Pero el Maipo tiene una reina que no es ni joven ni linda y sale vestida de la cabeza a los pies. Sin embargo, desde casi tres décadas atrás, canta (¿o dice?) tangos. No tiene rivales. La idolatran. Antes de salir a escena, como el programa está detallado cuadro por cuadro, ya suenan los aplausos como un trueno. Por fin, aparece. Puede estar ataviada de malevo, de gaucho, quizás con brillos de «cabarute». Sus dientes, blanquísimos, amenazan apagar el fulgor de la mirada intensa, profunda, cargada de picardía. Las manos en la cintura, el porte desafiante, la sonrisa sobradora y la «biyuterí» lanzando relámpagos que anuncian la tormenta que se viene.
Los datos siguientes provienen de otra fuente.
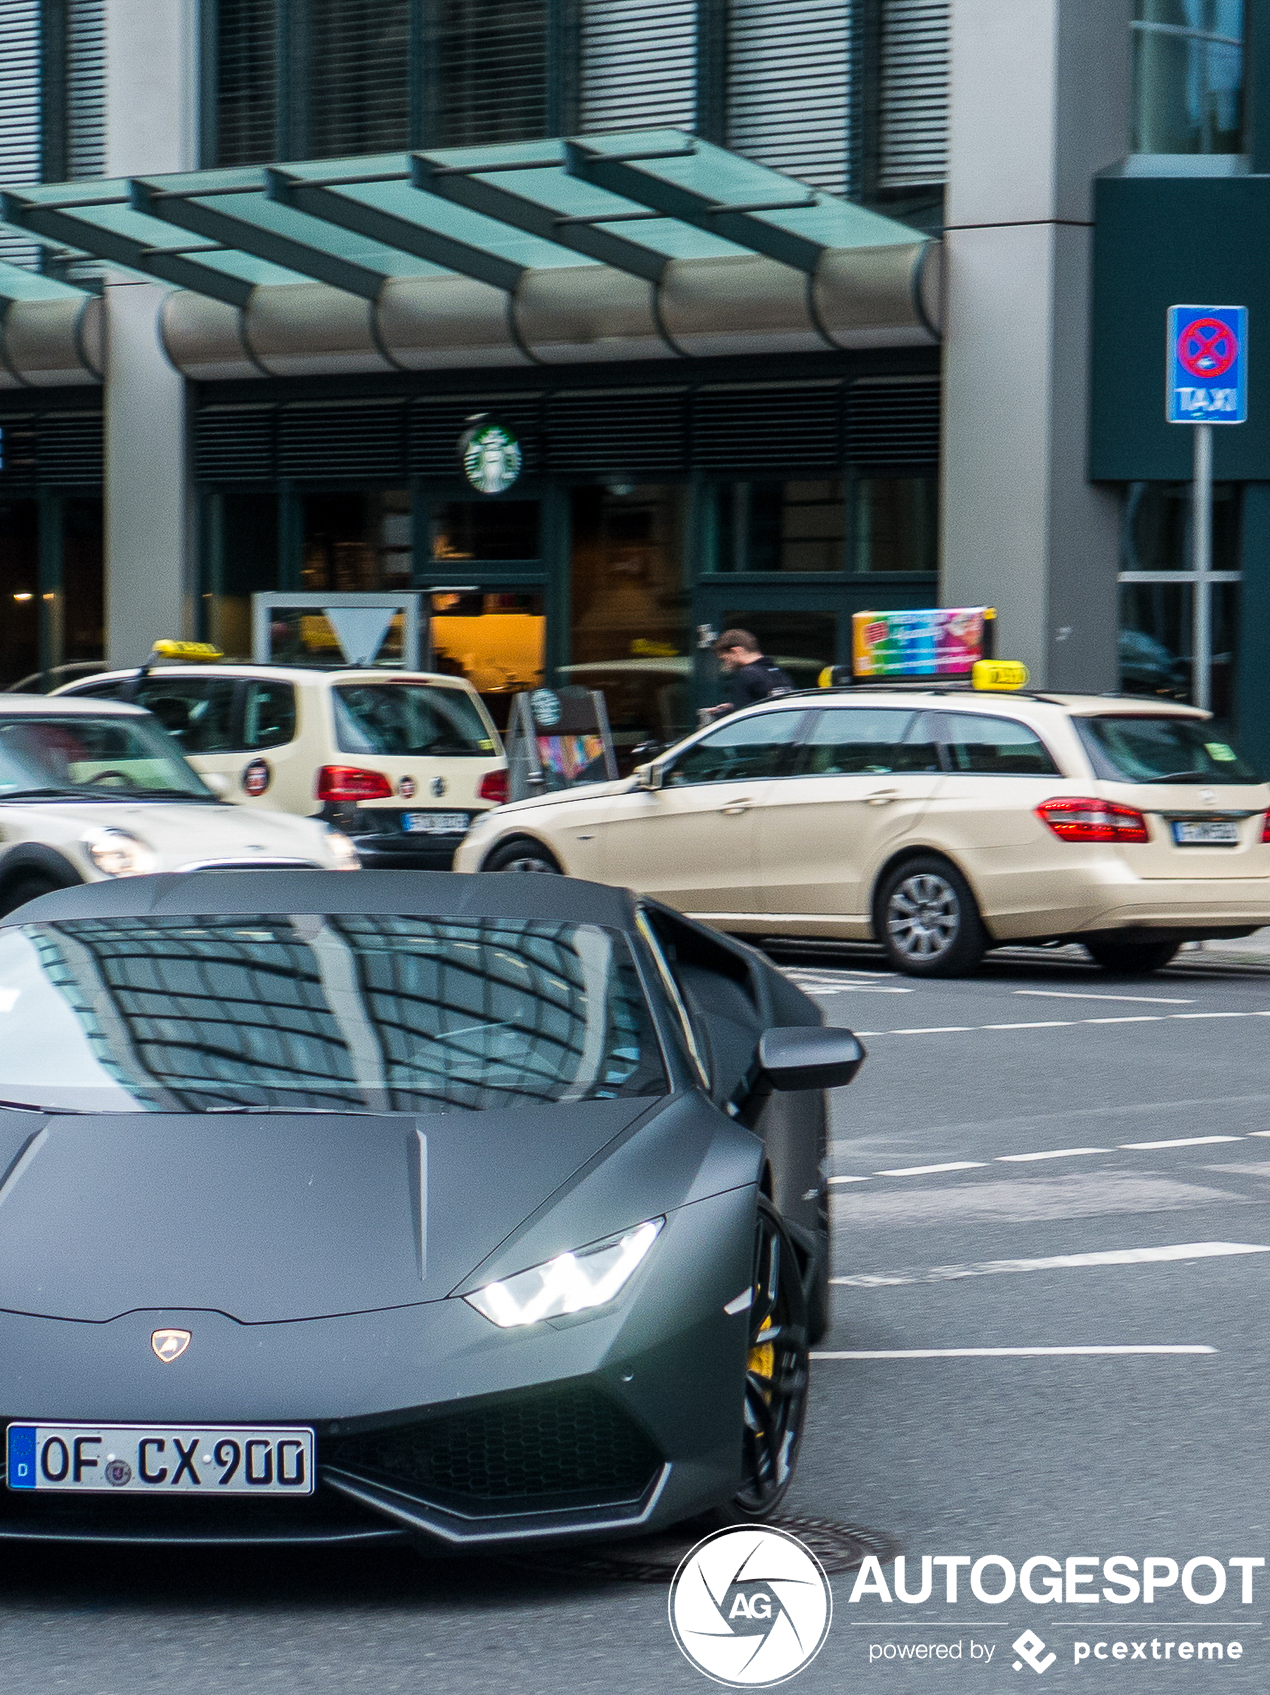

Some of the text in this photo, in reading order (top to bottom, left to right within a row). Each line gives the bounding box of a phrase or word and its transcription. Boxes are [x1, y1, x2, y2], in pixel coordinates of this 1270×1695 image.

[1175, 387, 1237, 411] TAXI
[41, 1436, 304, 1486] OF CX 900
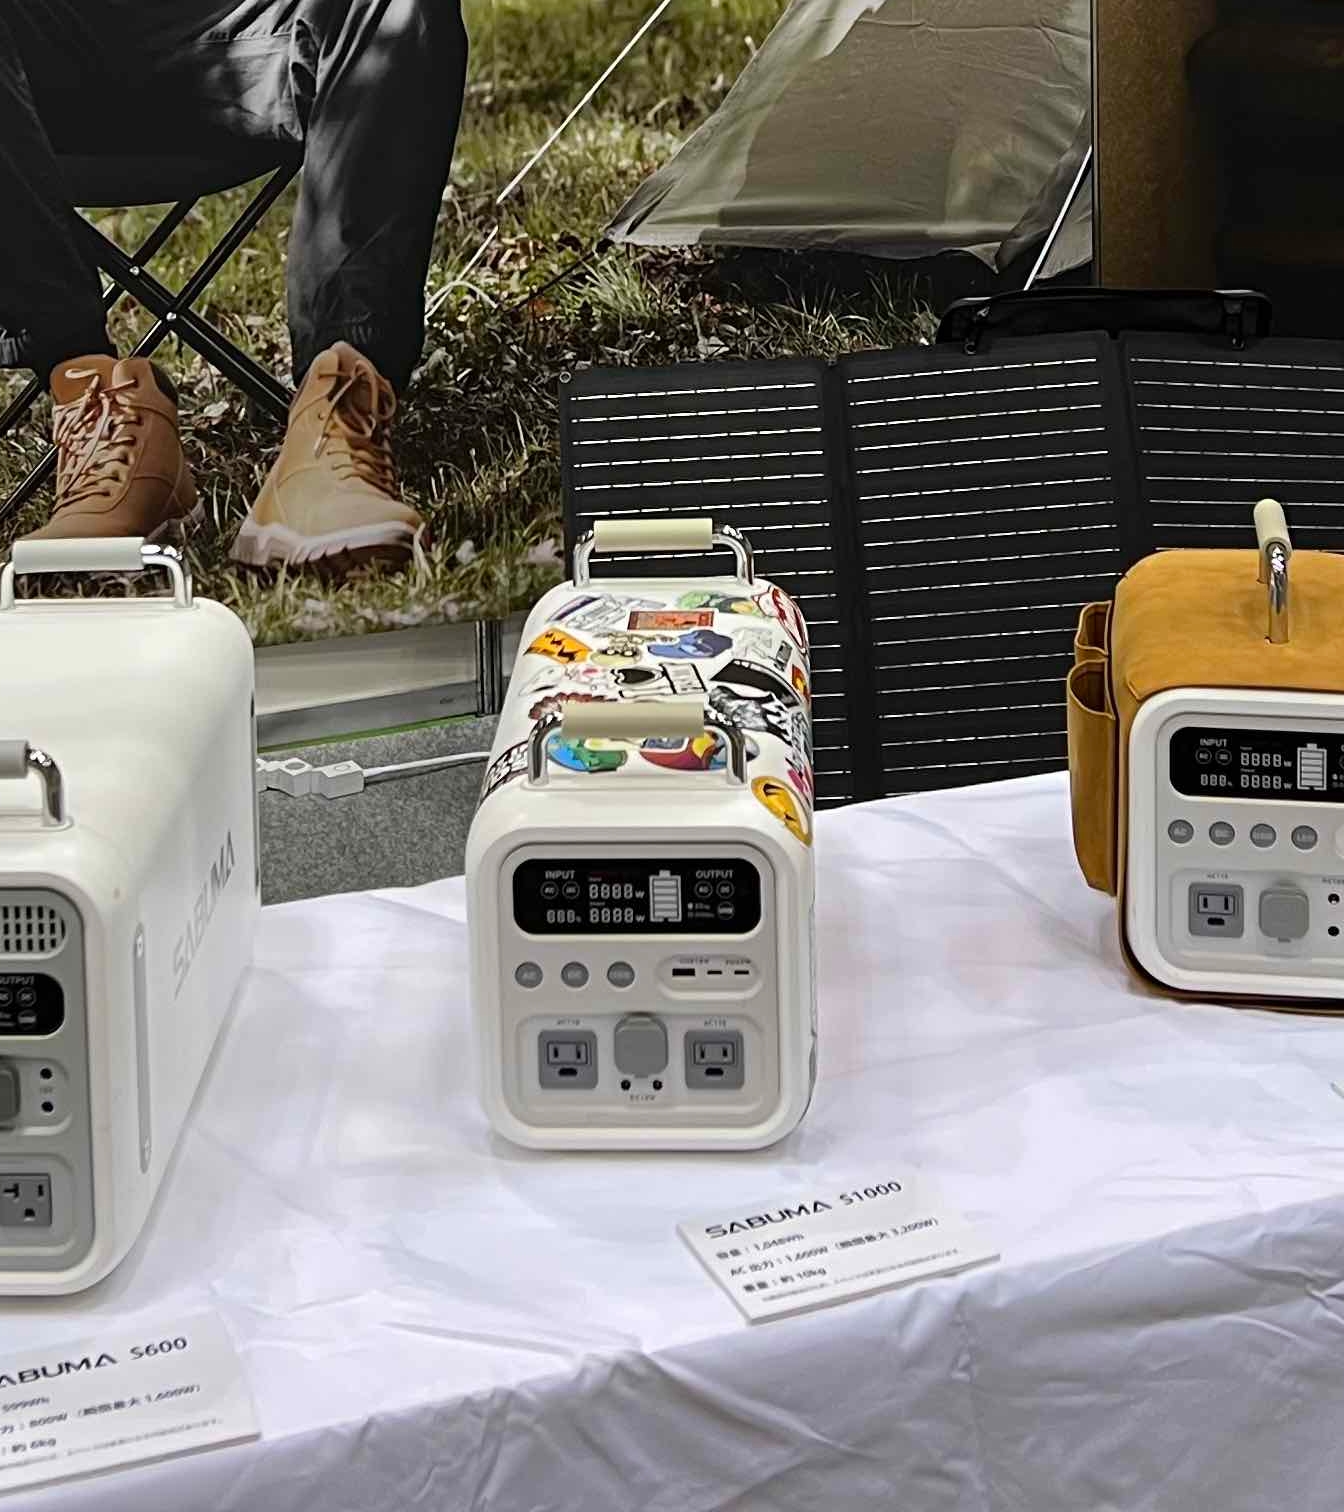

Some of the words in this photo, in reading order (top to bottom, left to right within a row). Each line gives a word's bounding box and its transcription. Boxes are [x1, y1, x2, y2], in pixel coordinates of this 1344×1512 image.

[705, 1201, 832, 1238] SABUMA
[839, 1181, 903, 1206] S1000
[129, 1337, 188, 1361] S600
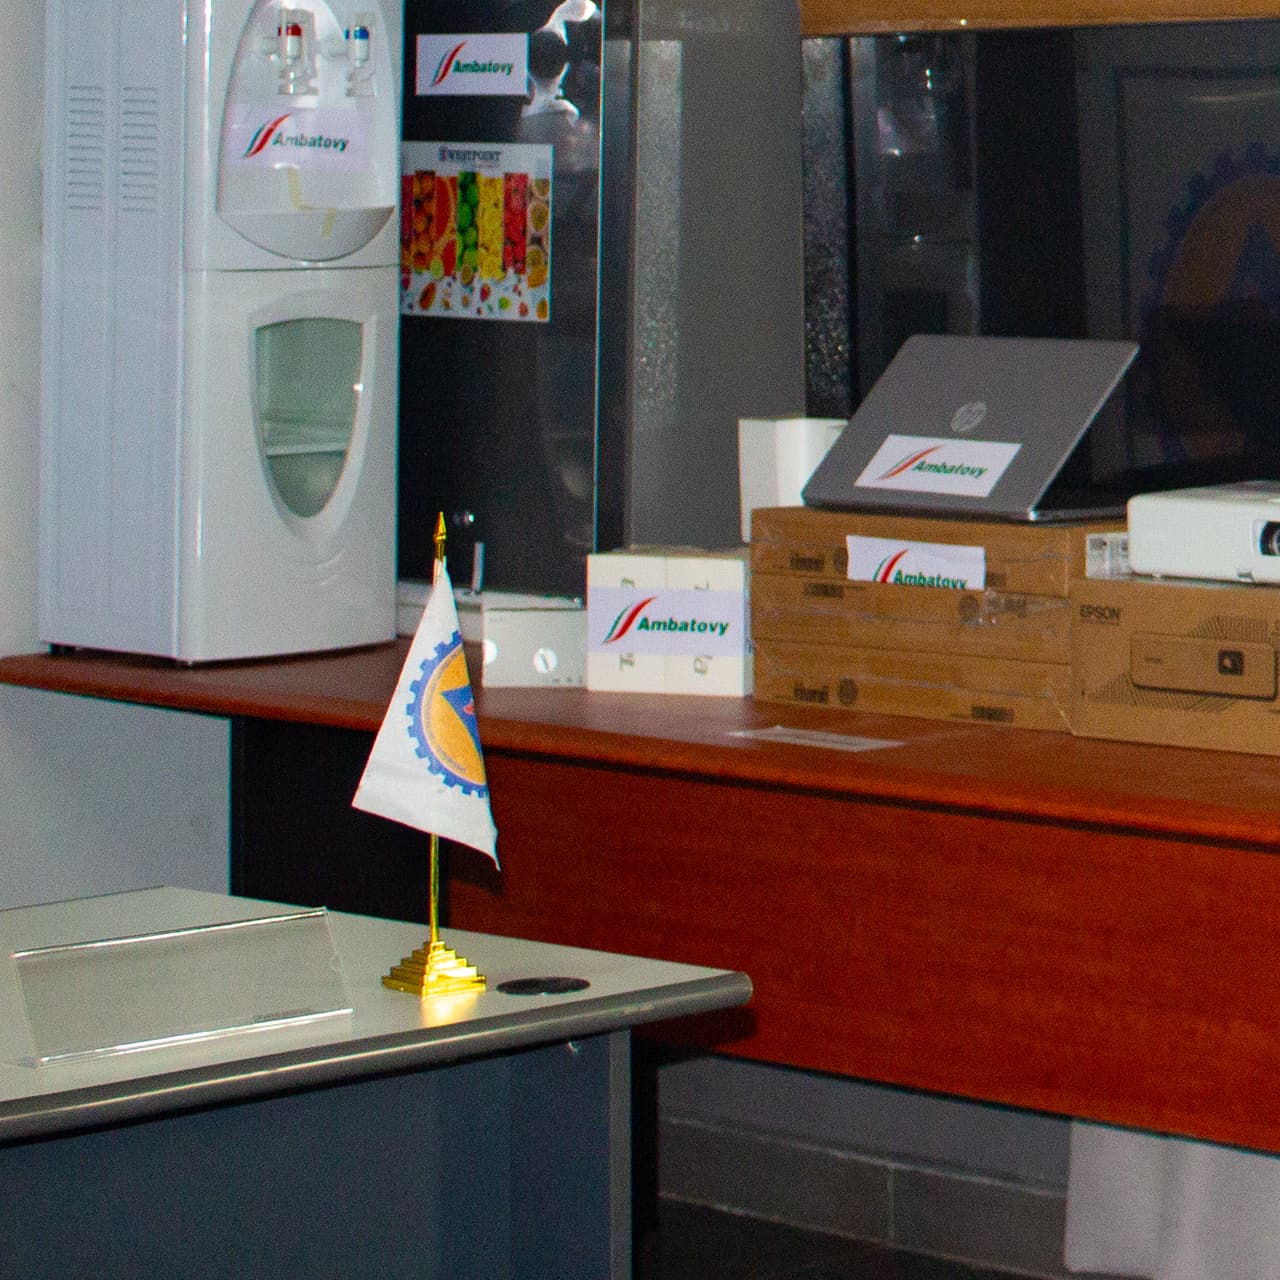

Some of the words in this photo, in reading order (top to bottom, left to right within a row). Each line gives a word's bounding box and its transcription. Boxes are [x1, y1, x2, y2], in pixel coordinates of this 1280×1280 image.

[453, 59, 514, 75] Ambatovy
[271, 131, 350, 153] Ambatovy
[911, 460, 988, 479] Ambatovy
[1080, 604, 1120, 620] EPSON
[637, 617, 729, 636] Ambatovy
La «Negra» borra la frontera entre el escenario y la platea con un solo golpe de caderas. Semblantea la primera fila, elige a su víctima y dispara: «A vos, pelado, ya te vi tres veces esta semana. Pará la mano, viejito, a ver si con tanta carnaza junta te quedás sin leña para el fuego…”; “¿Y vos de qué te reís, chichipío, si también sos un cliente vitalicio de este sacrosanto templo de cultura?» Y enseguida, la seguidilla de tangos entre zumbones y abiertamente cómicos, interrumpidos siempre por ocurrencias suyas, picantes, certeras, que la convirtieron en una estrella singular e irrepetible de la noche de Buenos Aires: «Haragán», «Niño bien», «Mama, yo quiero un novio”, y tantos otros.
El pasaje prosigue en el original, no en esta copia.